Based on the dated phylogeny, we determined the expansions and contractions of orthologous gene families in the 11 Brassicaceae species (A. arabicum, B. rapa, L. alabamica, E. yunnanense, S. irio, T. arvense, C. rubella, A. thaliana, A. lyrata, S. parvula, and L. maritima) by using the CAFÉ v4.2¹⁰² program. Genes in significantly expanded families were then used for Gene Ontology enrichment analysis.

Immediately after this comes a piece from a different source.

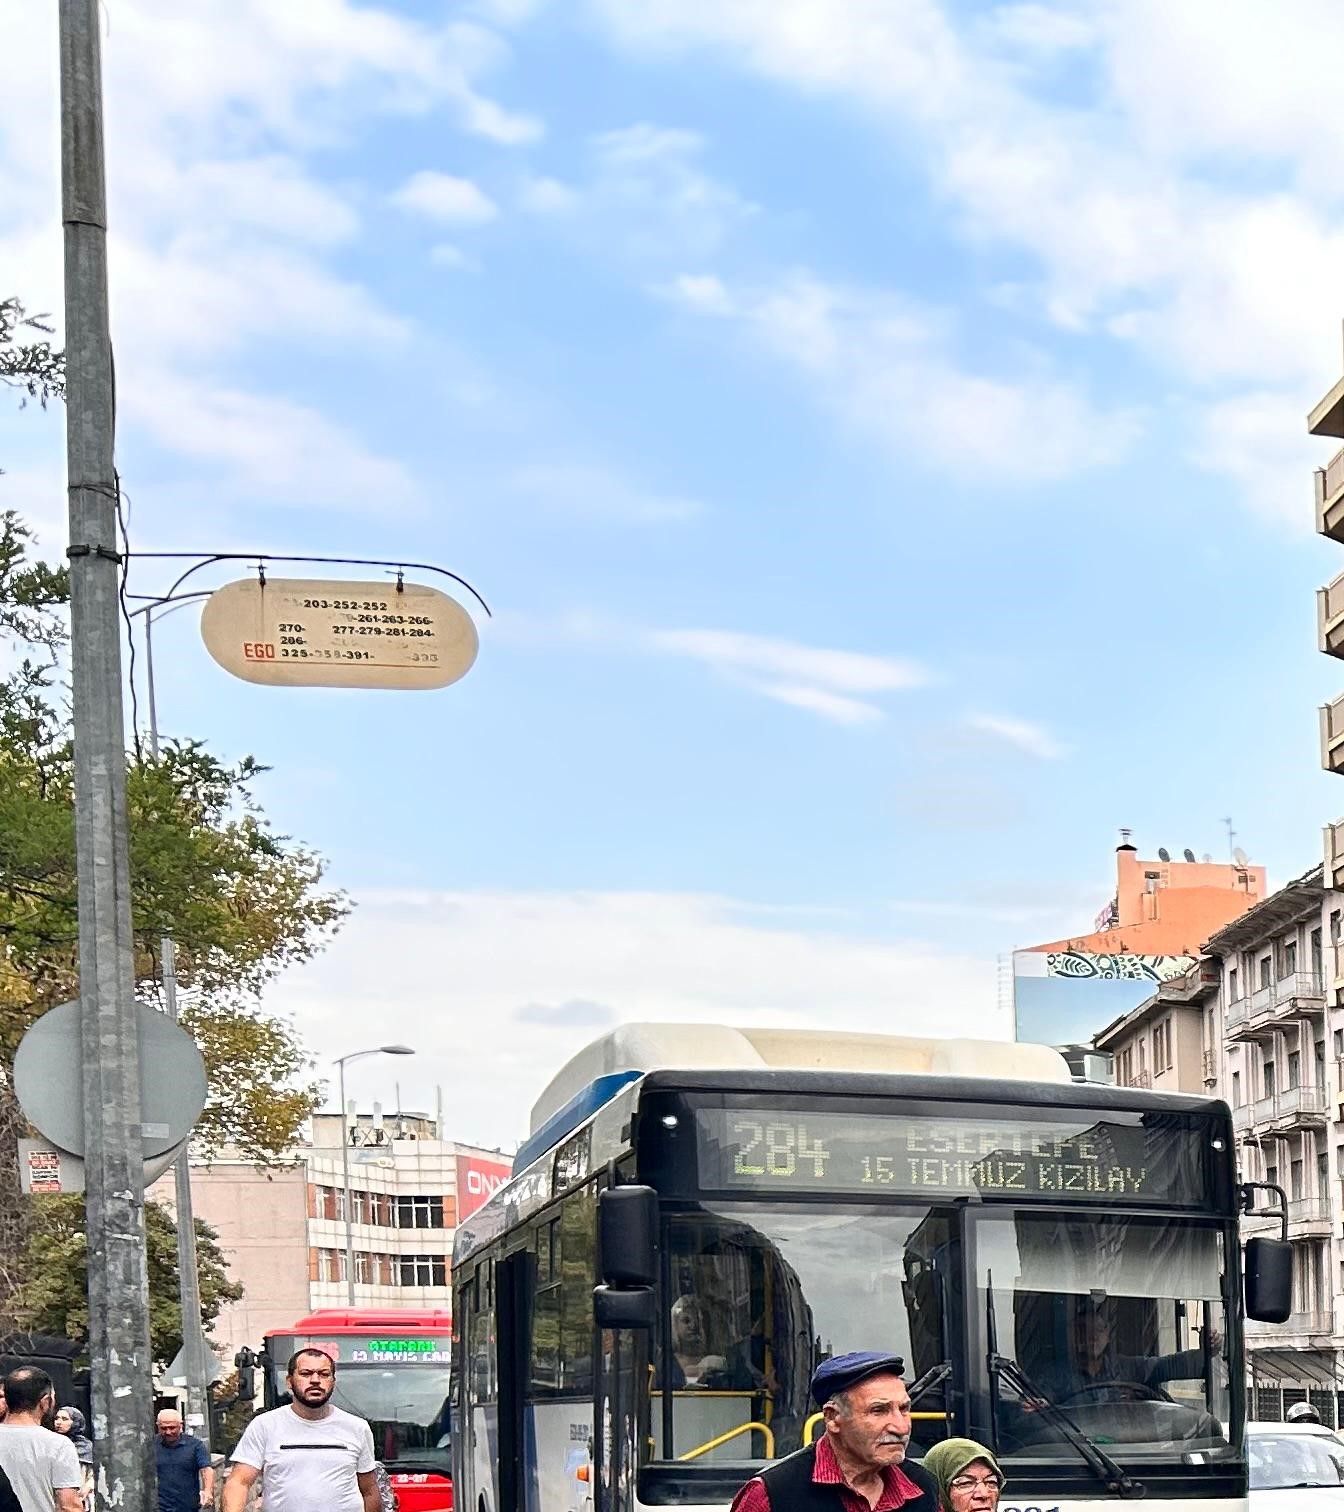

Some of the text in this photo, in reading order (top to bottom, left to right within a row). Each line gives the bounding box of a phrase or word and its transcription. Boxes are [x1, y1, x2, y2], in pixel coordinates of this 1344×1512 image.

Genes under positive selection

We selected six genomes, i.e., those of A. arabicum, A. lyrata, C. rubella, E. yunnanense, S. parvula and L. maritima, to identify orthologs for analyzing positive selection. First, Proteinortho v6.0.21¹⁰³ was used to detect orthologs among the six genomes. Next, we used the PosiGene v0.1¹⁰⁴ pipeline for genome-wide detection of the genes with positive selection and specified the L. maritima clade as the foreground branch. Finally, PSGs were identified based on an FDR-corrected P value < 0.05.

Author contributions

Q.H., J.L., and Z.X. designed the research; L.Z. collected the materials and performed genome sequencing; L.H., Y.M., W.Y., T.L., J.J., L.W., and L.F. conducted the genome assembly, annotation and evolution-related data analysis; L.H., Q.H., and J.L. wrote the paper. All authors read and approved the final paper.

Data availability

Raw Illumina-short reads and Hi–C reads used for de novo whole-genome assembly have been deposited in the National Center for Biotechnology Information (NCBI) Sequence Read Archive database under accession number PRJNA630530. The genome and related annotation data have been deposited in the National Genomics Data Center (PRJCA002888).

Conflict of interest

The authors declare that they have no conflict of interest.

Supplementary information

Supplementary Information accompanies this paper at (10.1038/s41438-020-00422-w).